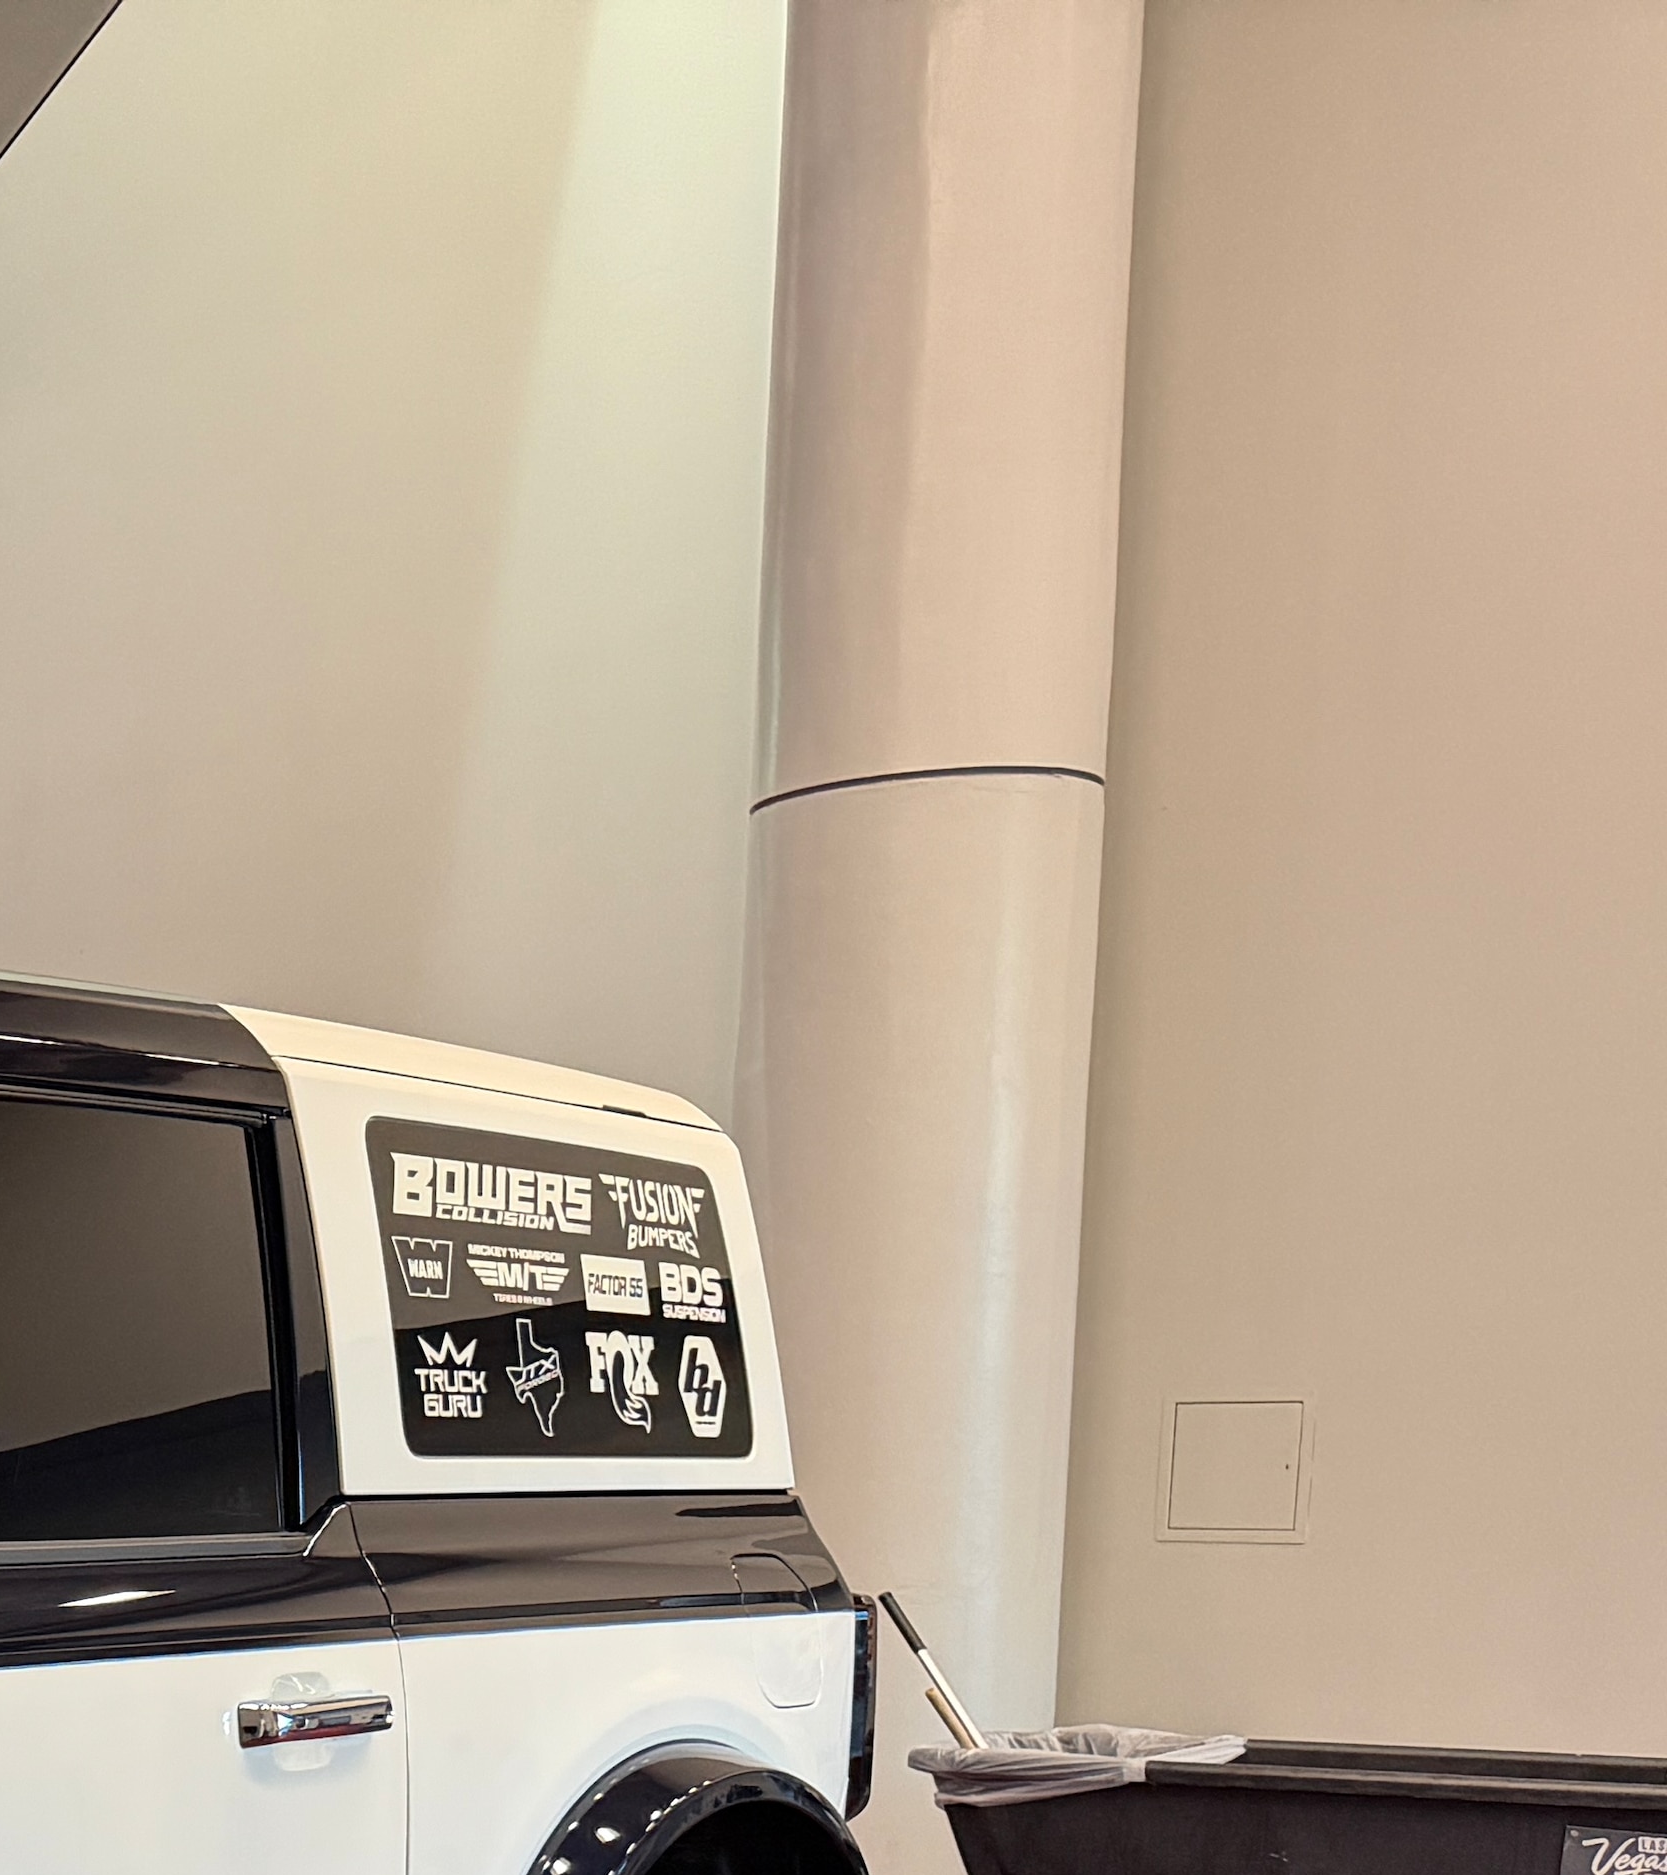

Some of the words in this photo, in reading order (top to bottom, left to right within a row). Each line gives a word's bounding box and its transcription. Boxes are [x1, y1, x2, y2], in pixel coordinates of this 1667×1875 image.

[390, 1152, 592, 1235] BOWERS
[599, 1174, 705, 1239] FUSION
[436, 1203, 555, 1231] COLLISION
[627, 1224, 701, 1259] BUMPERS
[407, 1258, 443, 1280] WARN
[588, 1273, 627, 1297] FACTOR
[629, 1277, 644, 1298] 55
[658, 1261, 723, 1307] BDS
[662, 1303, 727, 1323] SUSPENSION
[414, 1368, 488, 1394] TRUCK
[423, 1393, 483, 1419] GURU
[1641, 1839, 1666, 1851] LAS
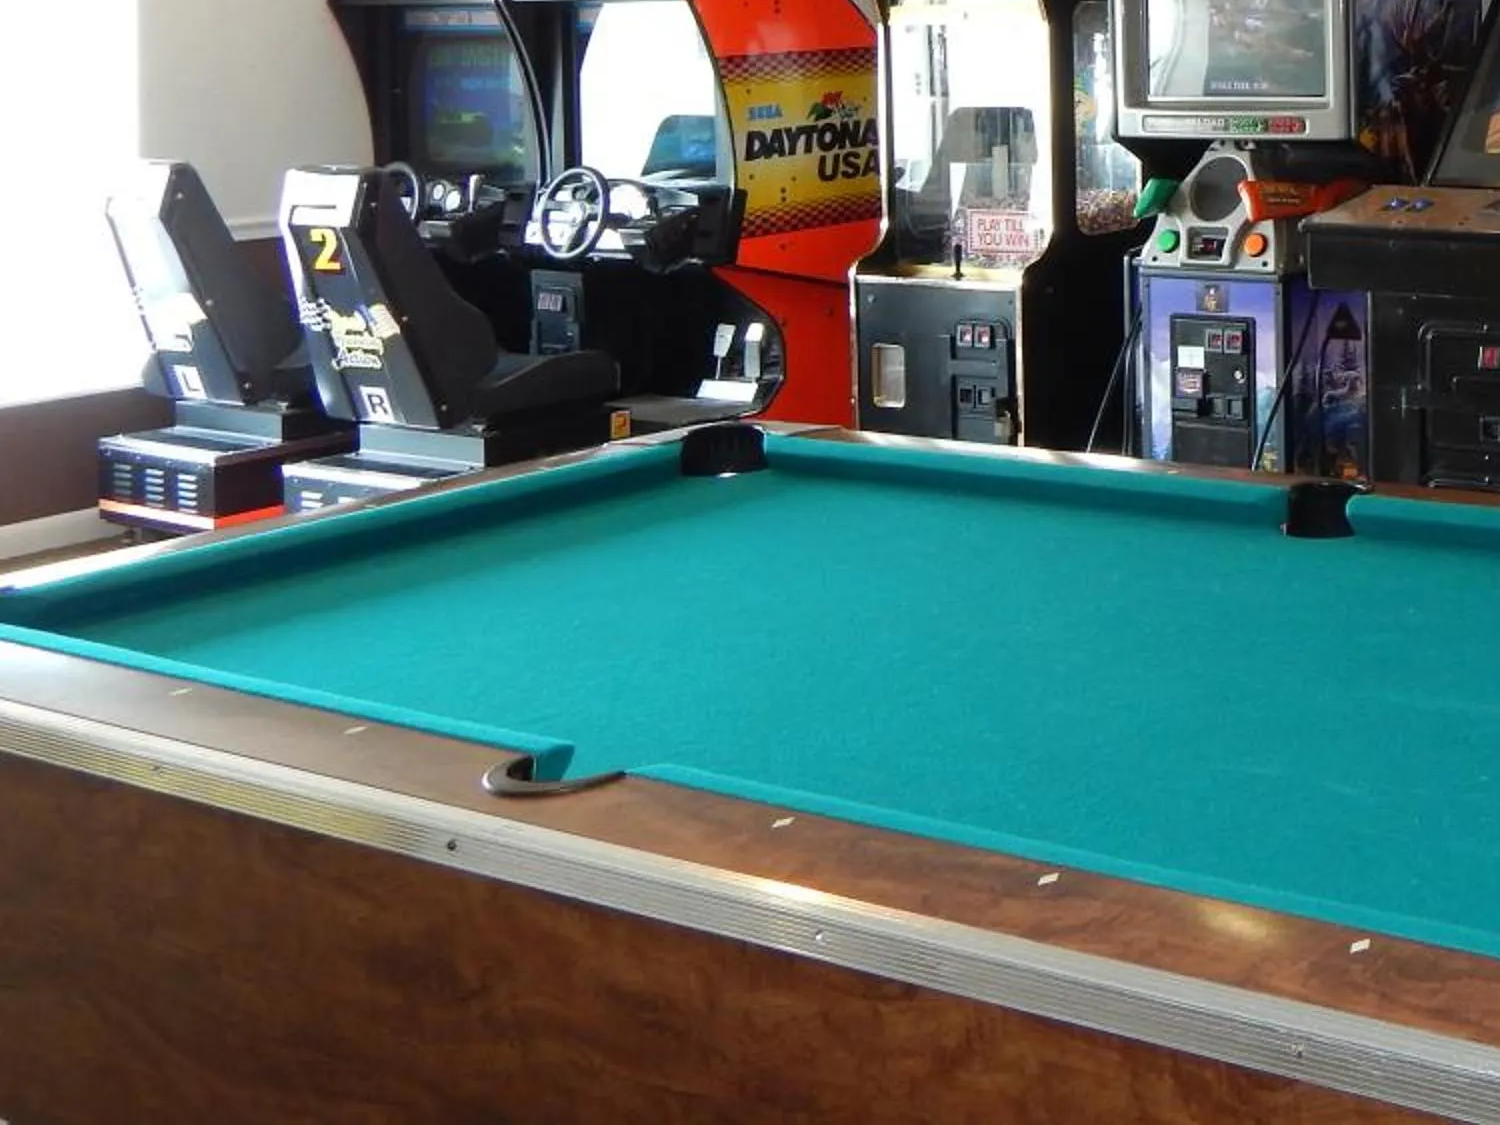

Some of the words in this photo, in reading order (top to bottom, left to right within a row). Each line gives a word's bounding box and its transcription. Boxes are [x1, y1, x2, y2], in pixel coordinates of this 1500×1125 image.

▶ **Exercise**: Transcribe the full listing above exactly, with the images removed.

▶ **Output of the exercise**:
Some of the words in this photo, in reading order (top to bottom, left to right within a row). Each line gives a word's bounding box and its transcription. Boxes are [x1, y1, x2, y2], in pixel coordinates of this 1667×1875 image.

[390, 1152, 592, 1235] BOWERS
[599, 1174, 705, 1239] FUSION
[436, 1203, 555, 1231] COLLISION
[627, 1224, 701, 1259] BUMPERS
[407, 1258, 443, 1280] WARN
[588, 1273, 627, 1297] FACTOR
[629, 1277, 644, 1298] 55
[658, 1261, 723, 1307] BDS
[662, 1303, 727, 1323] SUSPENSION
[414, 1368, 488, 1394] TRUCK
[423, 1393, 483, 1419] GURU
[1641, 1839, 1666, 1851] LAS

Some of the words in this photo, in reading order (top to bottom, left to right within a row). Each line gives a word's bounding box and its transcription. Boxes are [x1, y1, x2, y2], in pixel coordinates of this 1500×1125 image.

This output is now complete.